• [Problem details]: The required result is the exact run of lines beginning at the one containing "Some of the text" and ending at the last line of the entries.

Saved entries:
Content starts

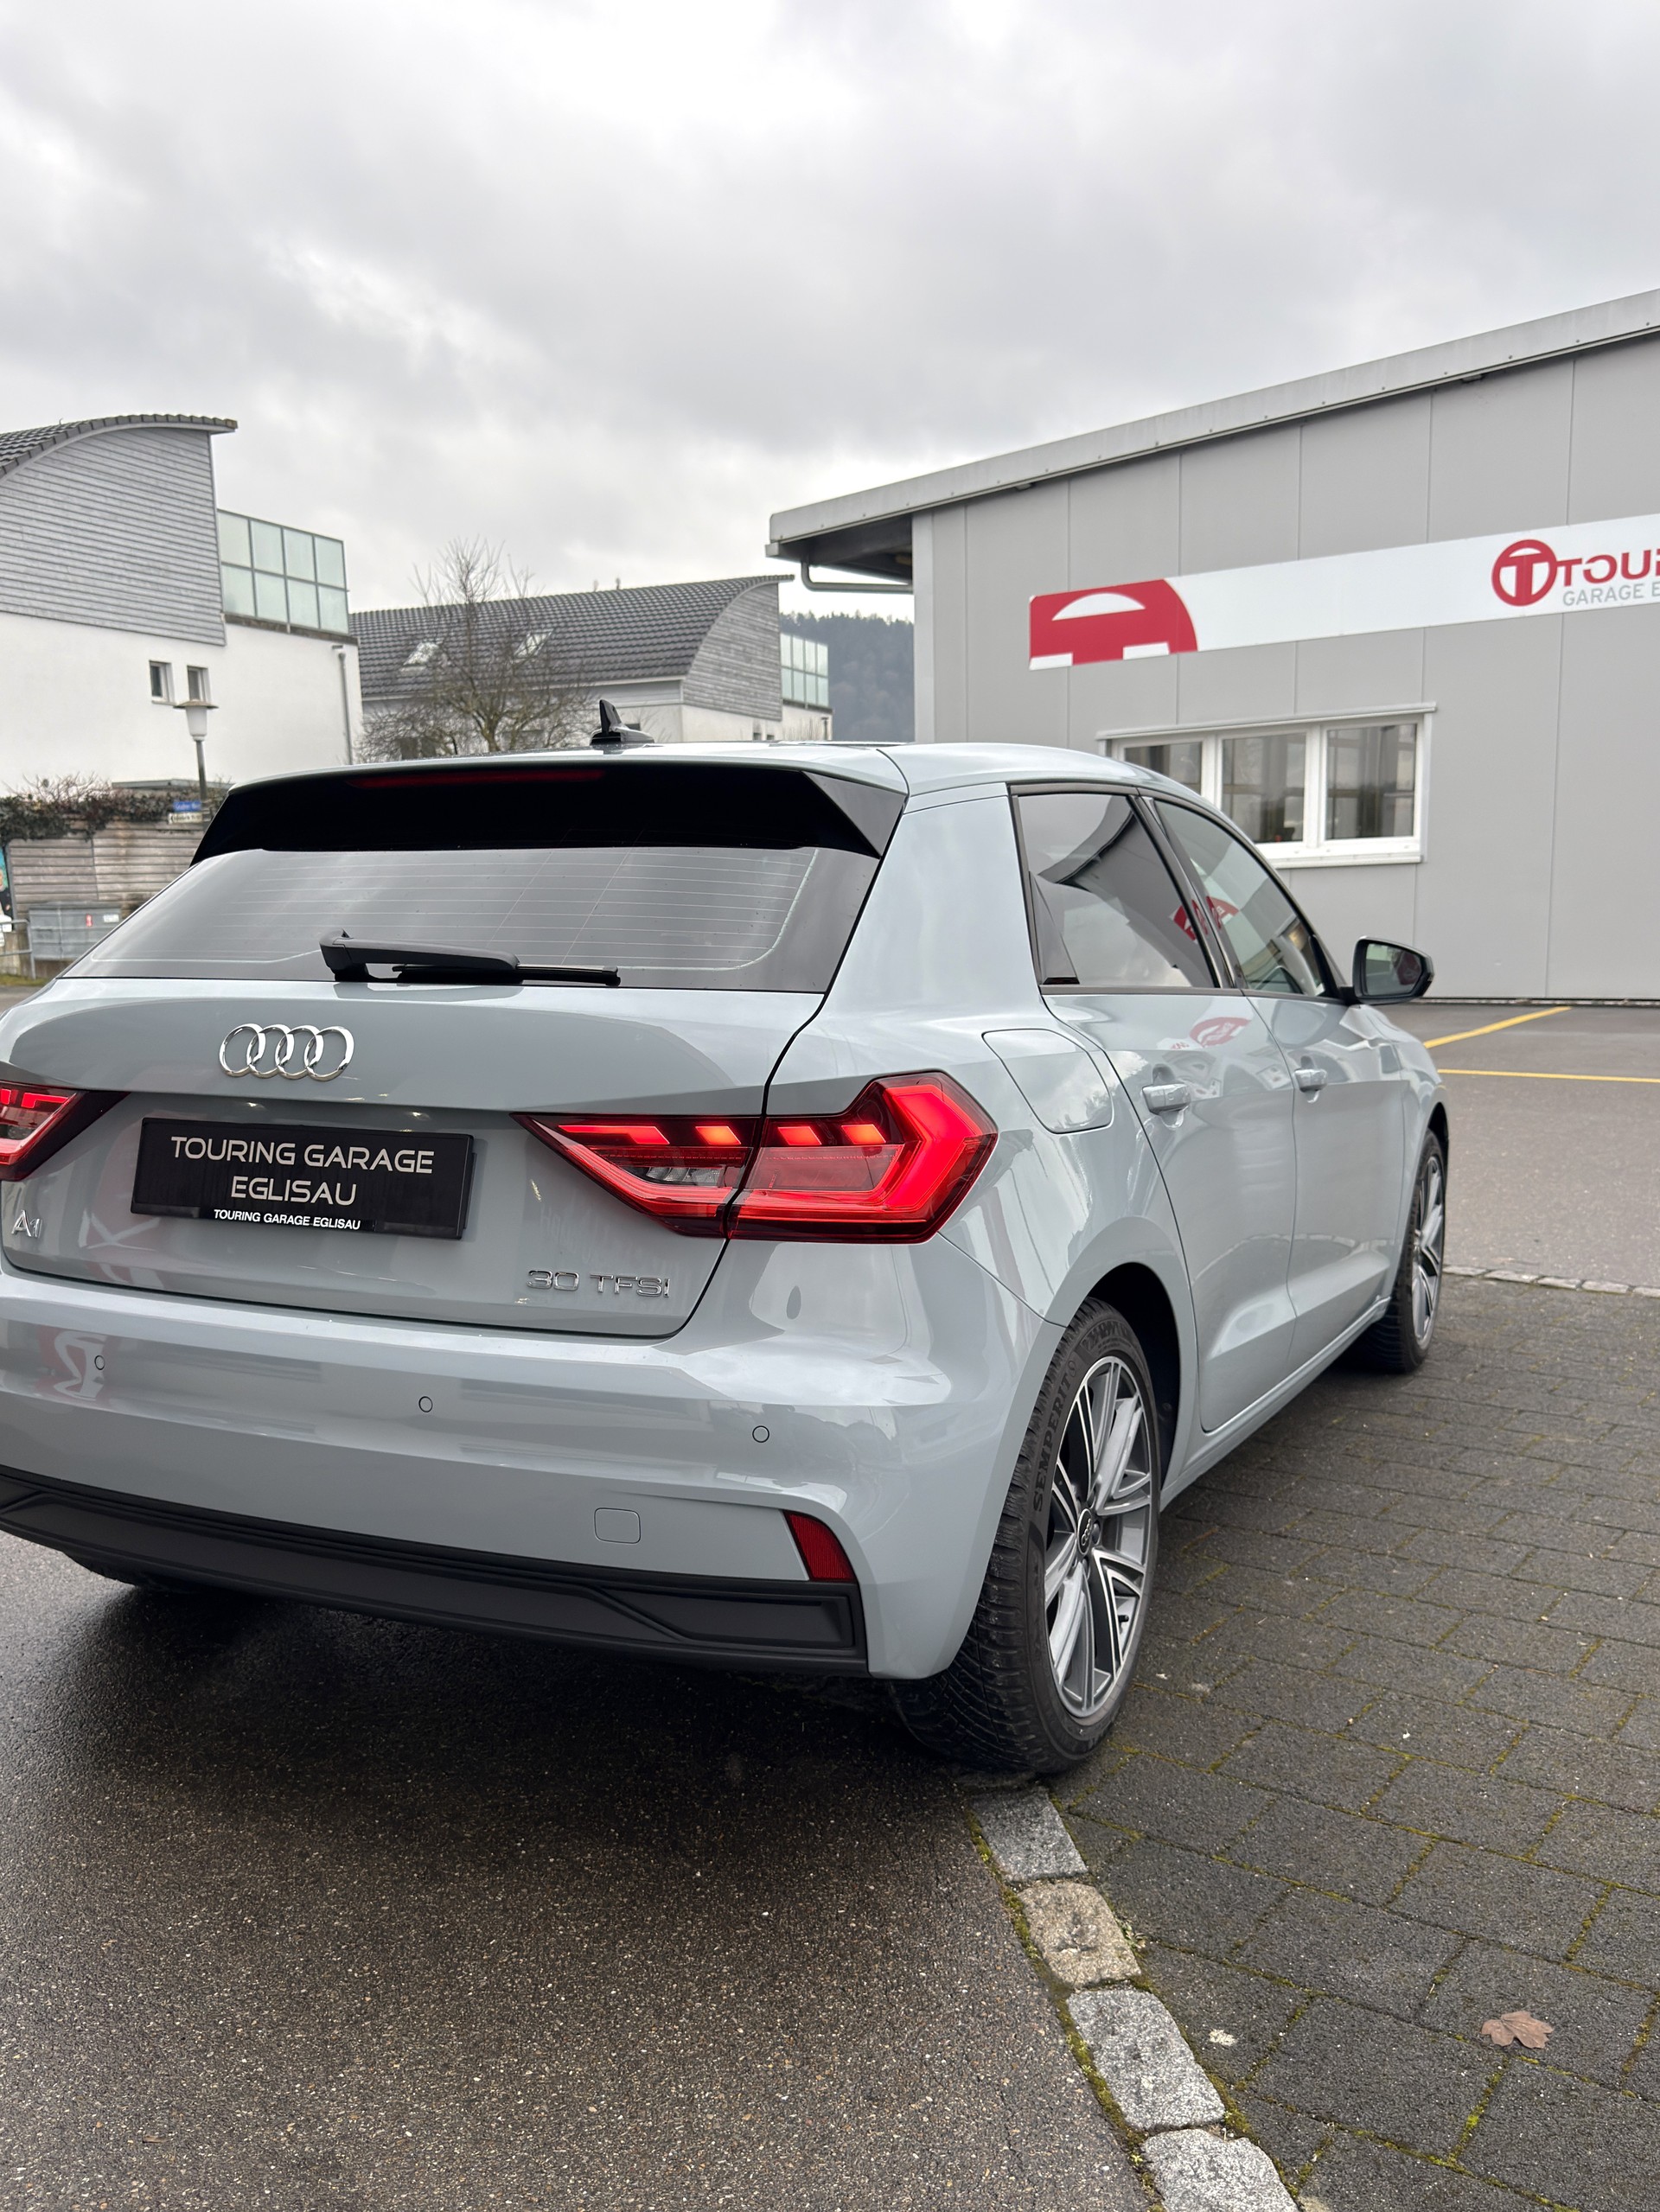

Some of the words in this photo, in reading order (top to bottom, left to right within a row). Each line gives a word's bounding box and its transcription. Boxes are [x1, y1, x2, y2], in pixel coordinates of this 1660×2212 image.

[1556, 548, 1660, 587] TOU
[1563, 583, 1644, 606] GARAGE
[171, 1136, 296, 1165] TOURING
[304, 1144, 435, 1174] GARAGE
[231, 1176, 357, 1206] EGLISAU
[11, 1210, 42, 1238] A1
[214, 1208, 261, 1222] TOURING
[264, 1213, 310, 1227] GARAGE
[313, 1216, 361, 1231] EGLISAU
[527, 1270, 579, 1291] 30
[590, 1274, 671, 1297] TFSI
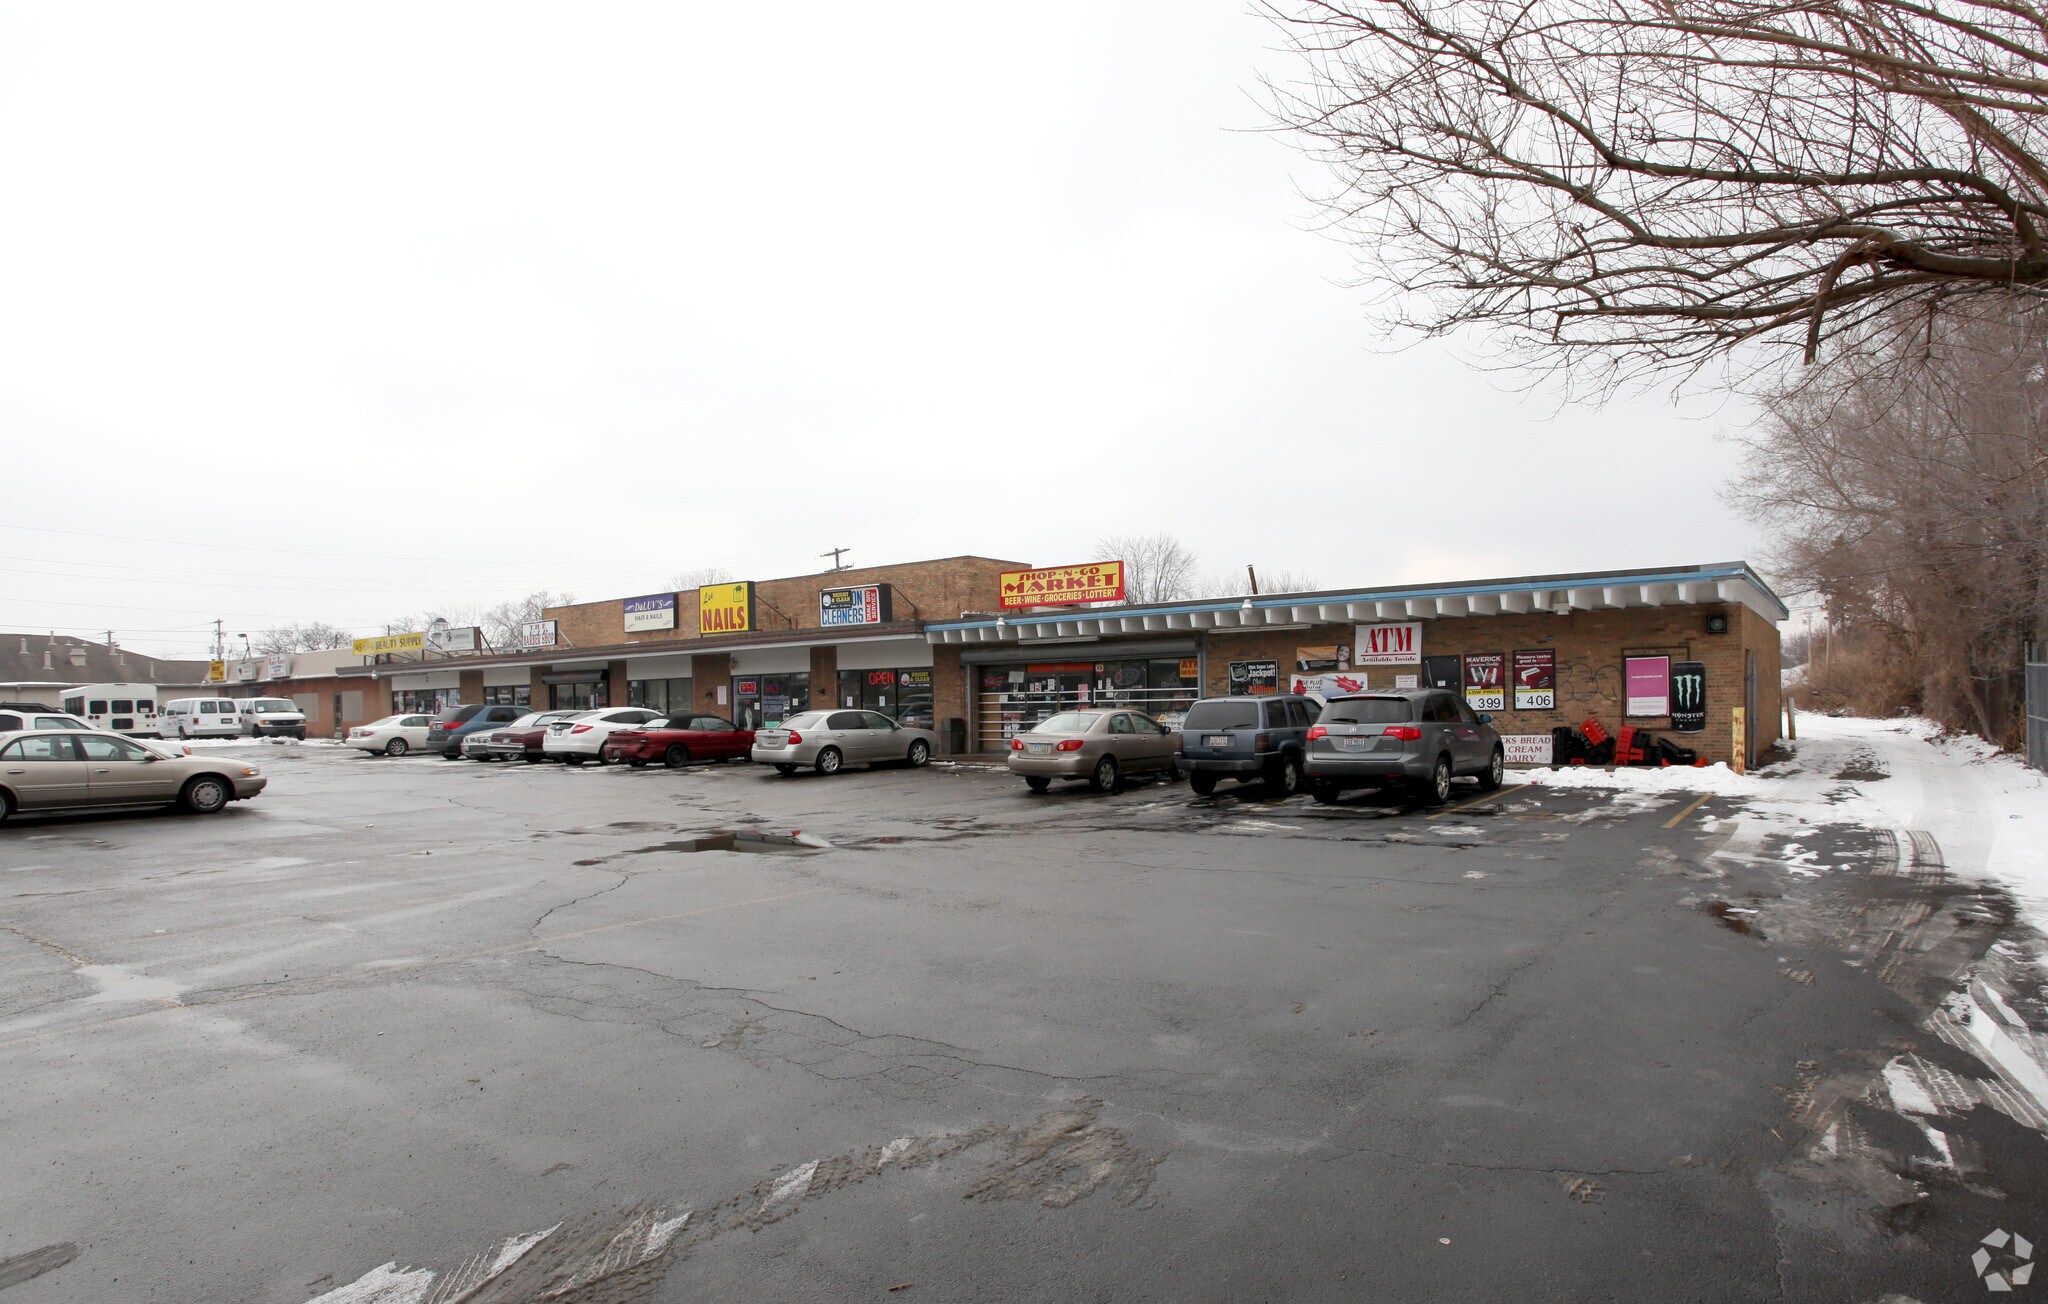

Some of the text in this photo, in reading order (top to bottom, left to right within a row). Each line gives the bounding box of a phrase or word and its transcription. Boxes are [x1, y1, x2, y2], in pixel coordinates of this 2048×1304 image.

[1004, 573, 1117, 594] MARKET
[1044, 591, 1082, 602] GROCERIES
[1085, 588, 1117, 599] LOTTERY
[634, 613, 646, 622] HAIR
[649, 612, 663, 620] NAILS
[702, 606, 745, 632] NAILS
[822, 608, 864, 625] CLEANERS
[375, 640, 397, 650] BEAUTY
[400, 636, 422, 648] SUPPLY
[541, 631, 554, 645] SHOP
[1364, 626, 1413, 653] ATM
[1466, 655, 1501, 663] MAVERICK
[868, 671, 895, 685] OPEN
[1248, 669, 1276, 678] Jackpot!
[1504, 754, 1537, 762] DAIRY

Content ends

• [Task output]:
Some of the text in this photo, in reading order (top to bottom, left to right within a row). Each line gives the bounding box of a phrase or word and its transcription. Boxes are [x1, y1, x2, y2], in pixel coordinates of this 2048×1304 image.

[1004, 573, 1117, 594] MARKET
[1044, 591, 1082, 602] GROCERIES
[1085, 588, 1117, 599] LOTTERY
[634, 613, 646, 622] HAIR
[649, 612, 663, 620] NAILS
[702, 606, 745, 632] NAILS
[822, 608, 864, 625] CLEANERS
[375, 640, 397, 650] BEAUTY
[400, 636, 422, 648] SUPPLY
[541, 631, 554, 645] SHOP
[1364, 626, 1413, 653] ATM
[1466, 655, 1501, 663] MAVERICK
[868, 671, 895, 685] OPEN
[1248, 669, 1276, 678] Jackpot!
[1504, 754, 1537, 762] DAIRY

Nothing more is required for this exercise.